Items listed in a dataset
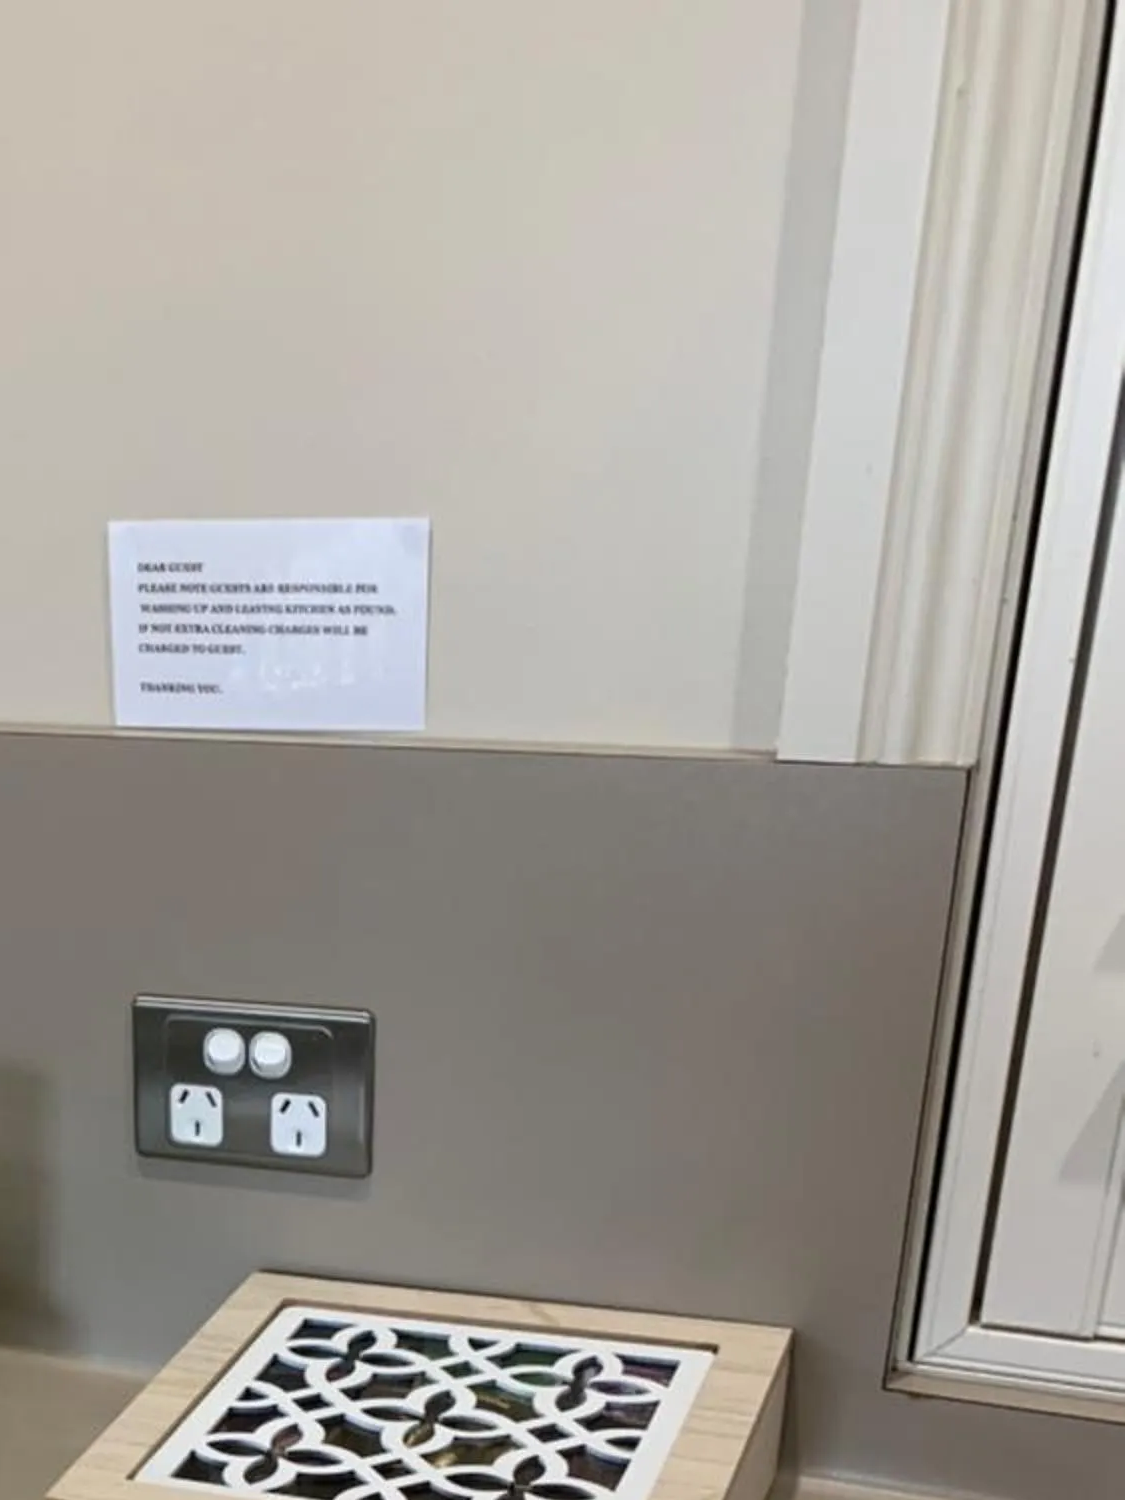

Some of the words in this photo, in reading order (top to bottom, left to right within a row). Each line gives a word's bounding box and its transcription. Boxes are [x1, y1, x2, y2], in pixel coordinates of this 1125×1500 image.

[137, 563, 165, 572] DEAR
[168, 563, 203, 572] GUEST
[138, 583, 176, 593] PLEASE
[180, 584, 206, 593] NOTE
[209, 584, 251, 593] GUESTS
[254, 584, 274, 593] ARE
[277, 583, 352, 593] RESPONSIBLE
[355, 583, 377, 593] FOR
[140, 604, 191, 613] WASHING
[194, 604, 208, 613] UP
[210, 604, 233, 613] AND
[235, 604, 283, 614] LEAVING
[285, 604, 334, 614] KITCHEN
[338, 605, 351, 614] AS
[138, 624, 148, 633] IF
[150, 624, 172, 633] NOT
[174, 624, 210, 634] EXTRA
[211, 624, 266, 635] CLEANING
[268, 625, 320, 635] CHARGES
[323, 625, 349, 635] WILL
[353, 625, 368, 636] BE
[138, 644, 190, 653] CHARGED
[192, 644, 206, 653] TO
[140, 682, 195, 693] THANKING
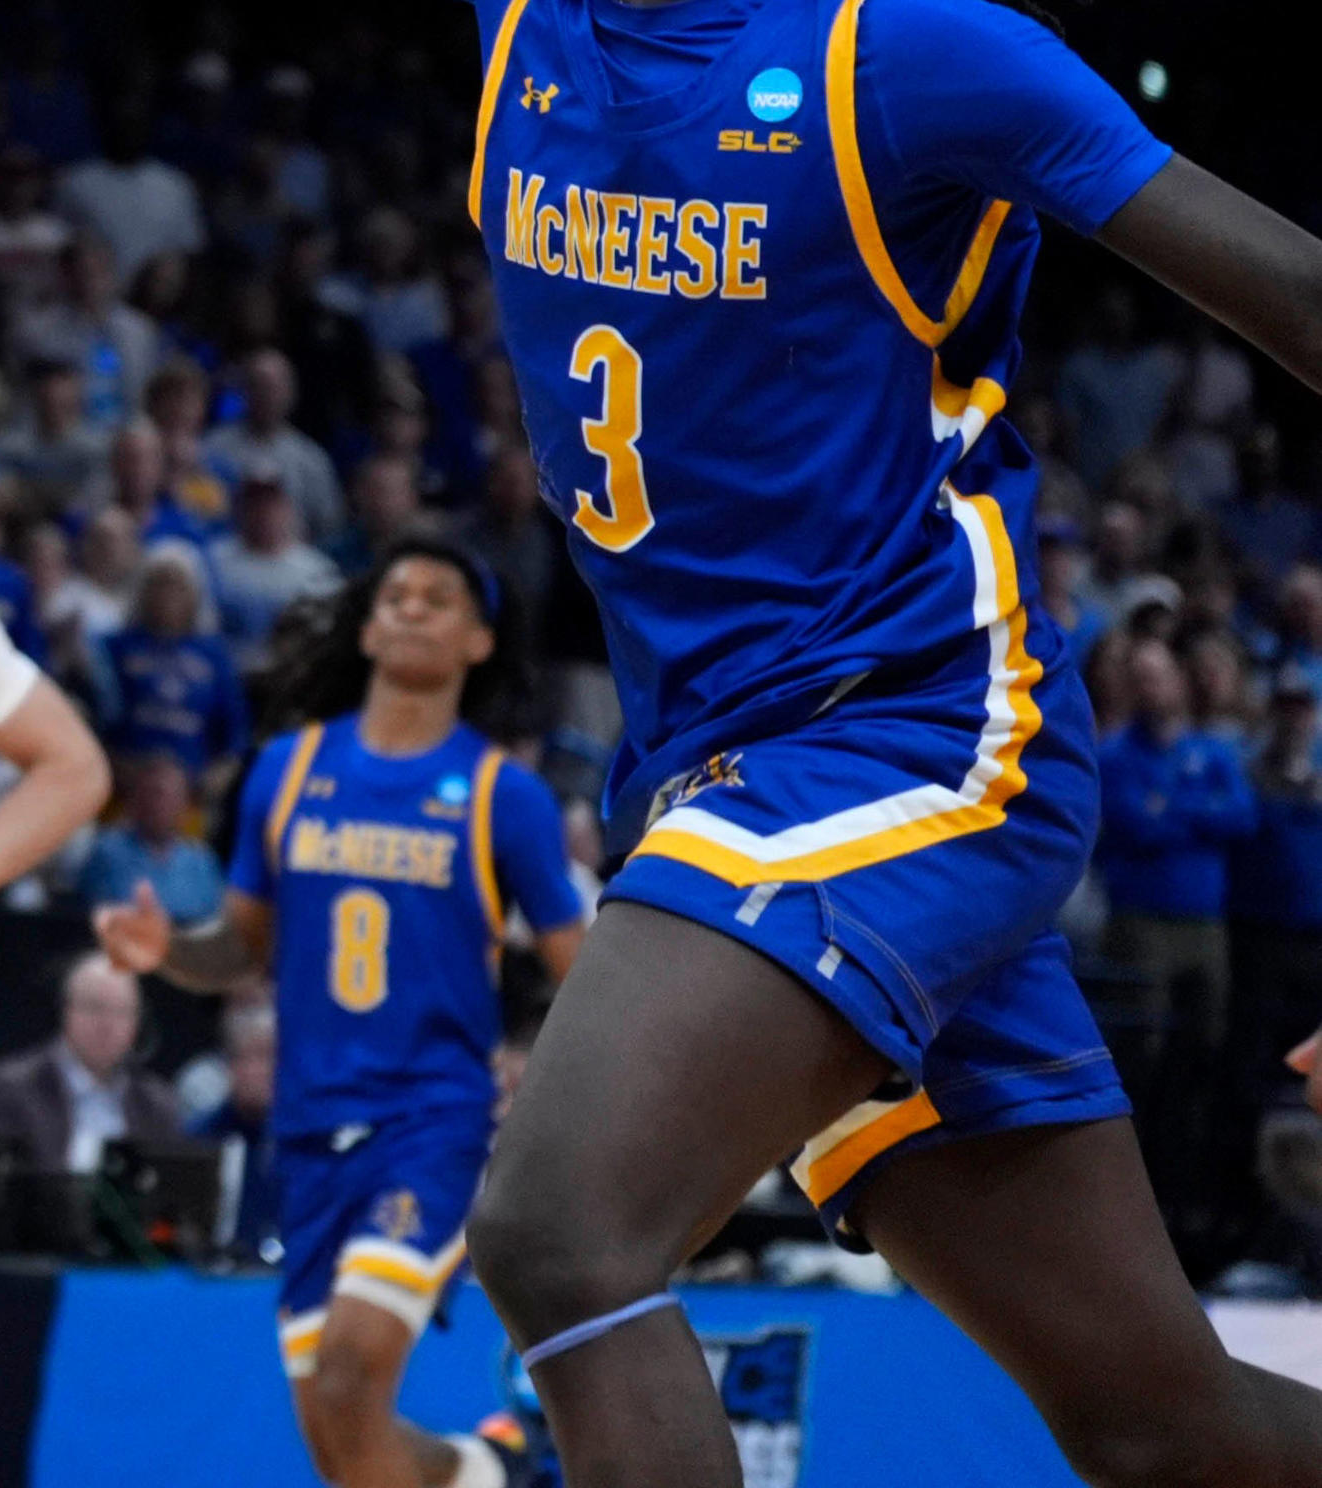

Assignment.
Could the data be reproduced exactly, with the pictures omitted?

Answer for the task.
Some of the words in this photo, in reading order (top to bottom, left to right within a row). Each line gives a word's bounding box and its transcription. Boxes are [x1, y1, x2, y2], in pixel coordinates of this 1125×1500 image.

[137, 563, 165, 572] DEAR
[168, 563, 203, 572] GUEST
[138, 583, 176, 593] PLEASE
[180, 584, 206, 593] NOTE
[209, 584, 251, 593] GUESTS
[254, 584, 274, 593] ARE
[277, 583, 352, 593] RESPONSIBLE
[355, 583, 377, 593] FOR
[140, 604, 191, 613] WASHING
[194, 604, 208, 613] UP
[210, 604, 233, 613] AND
[235, 604, 283, 614] LEAVING
[285, 604, 334, 614] KITCHEN
[338, 605, 351, 614] AS
[138, 624, 148, 633] IF
[150, 624, 172, 633] NOT
[174, 624, 210, 634] EXTRA
[211, 624, 266, 635] CLEANING
[268, 625, 320, 635] CHARGES
[323, 625, 349, 635] WILL
[353, 625, 368, 636] BE
[138, 644, 190, 653] CHARGED
[192, 644, 206, 653] TO
[140, 682, 195, 693] THANKING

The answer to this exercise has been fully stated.